While we find force in the mother's arguments, we believe they are based essentially on a misunderstanding of the relationship between the notions of "best interests of the child" and parental "unfitness." The mother perceives the two criteria or tests as separate and distinct, with each to be applied in certain clearly defined circumstances. We think that the relationship is more subtle, that elements of parental "unfitness" figure strongly in the "best interests" test, while elements of "best interests of the child" weigh in any consideration of whether a parent is fit to have custody of his child. When the interconnection or overlap is appreciated, the mother's case on the present facts is seen to be unavailing.

To trace the development of the standards: Adoptions by consent of the parents were recognized in the Commonwealth at least by the time of St. 1851, c. 324, which described procedures for such adoptions. Promptly afterwards came St. 1853, c. 402, which created the first exception to the rule that adoption required the consent of living parents; it dispensed with consent where the parent was "insane." In 1859, by St. 1859, c. 61, consent was made unnecessary where the parent had "wilfully deserted and neglected to provide for the proper care and maintenance ... for one year"; this was eventually codified as part of G.L.c. 210, § 3, which also specified other grounds for dispensing with parental consent, such as current imprisonment of the parent for more than three years.

Chapter 593, § 1, of the Acts of 1953, codified as G.L.c. 210, § 3A, first provided for an independent proceeding, prior to adoption proceedings proper, at which it could be determined whether parental consent was to be necessary for the adoption. Its purpose was to facilitate and expedite the process of adoption of children being held in temporary foster care. See the Department of Public Welfare recommendations, 1953 House Doc. No. 118, accompanying their draft bill, 1953 House Doc. No. 124. The proceeding could be brought by the Department of Public Welfare or any appropriate child care agency having custody of the child.
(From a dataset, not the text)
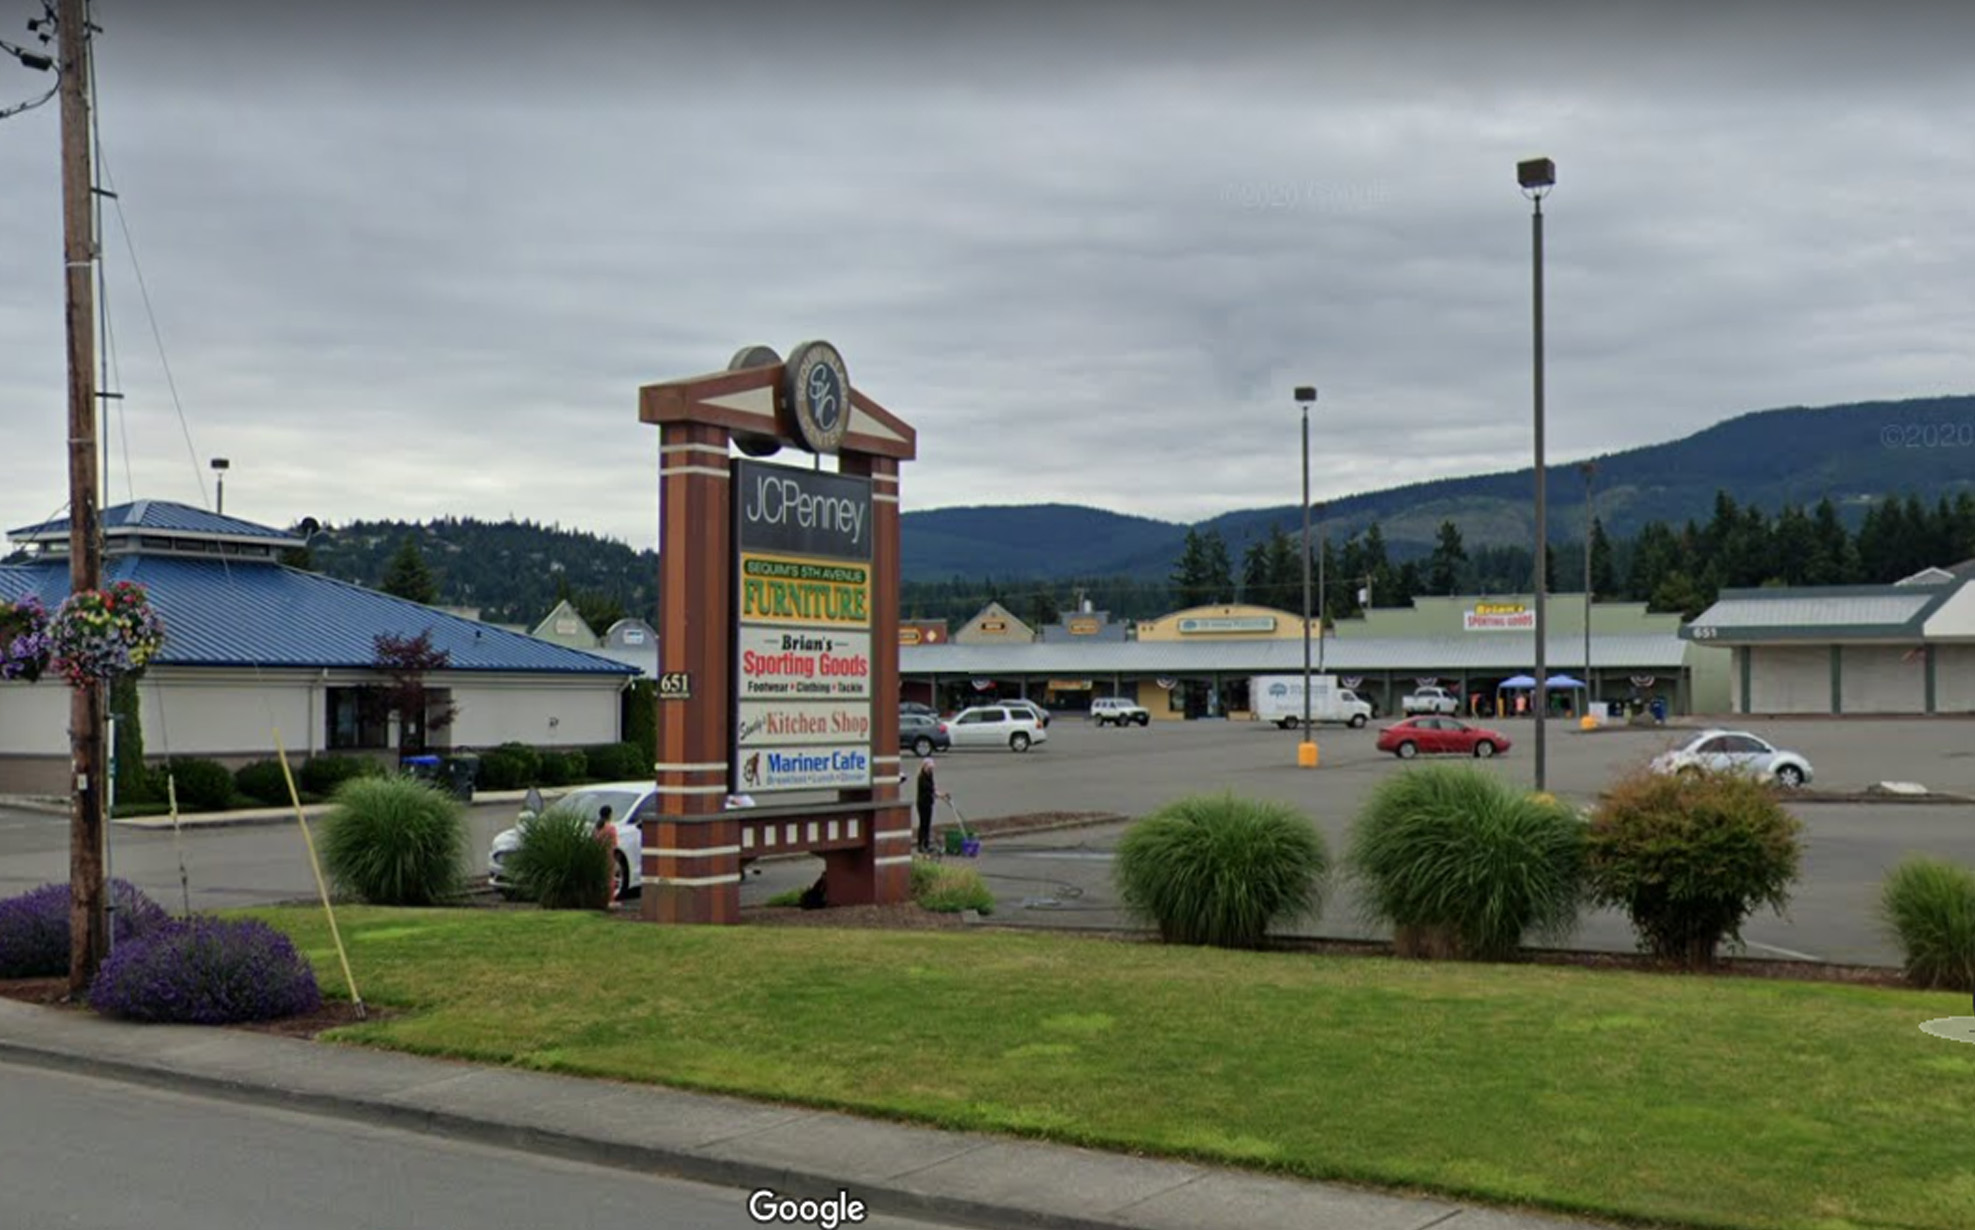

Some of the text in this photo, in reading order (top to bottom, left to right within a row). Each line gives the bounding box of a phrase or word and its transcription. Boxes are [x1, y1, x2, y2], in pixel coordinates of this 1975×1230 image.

But the act was silent as to the standards to be applied in deciding when consent could be dispensed with, and in Consent to Adoption of a Minor, 345 Mass. 706 (1963), this court held that, in the absence of any other indication in the statute, the conditions set out in § 3 for direct adoptions were still to be met; specifically, the court held that a finding of parental "unsuitability," without a finding of wilful desertion or neglect for a year, was not an adequate basis for a decree dispensing with the parental consent.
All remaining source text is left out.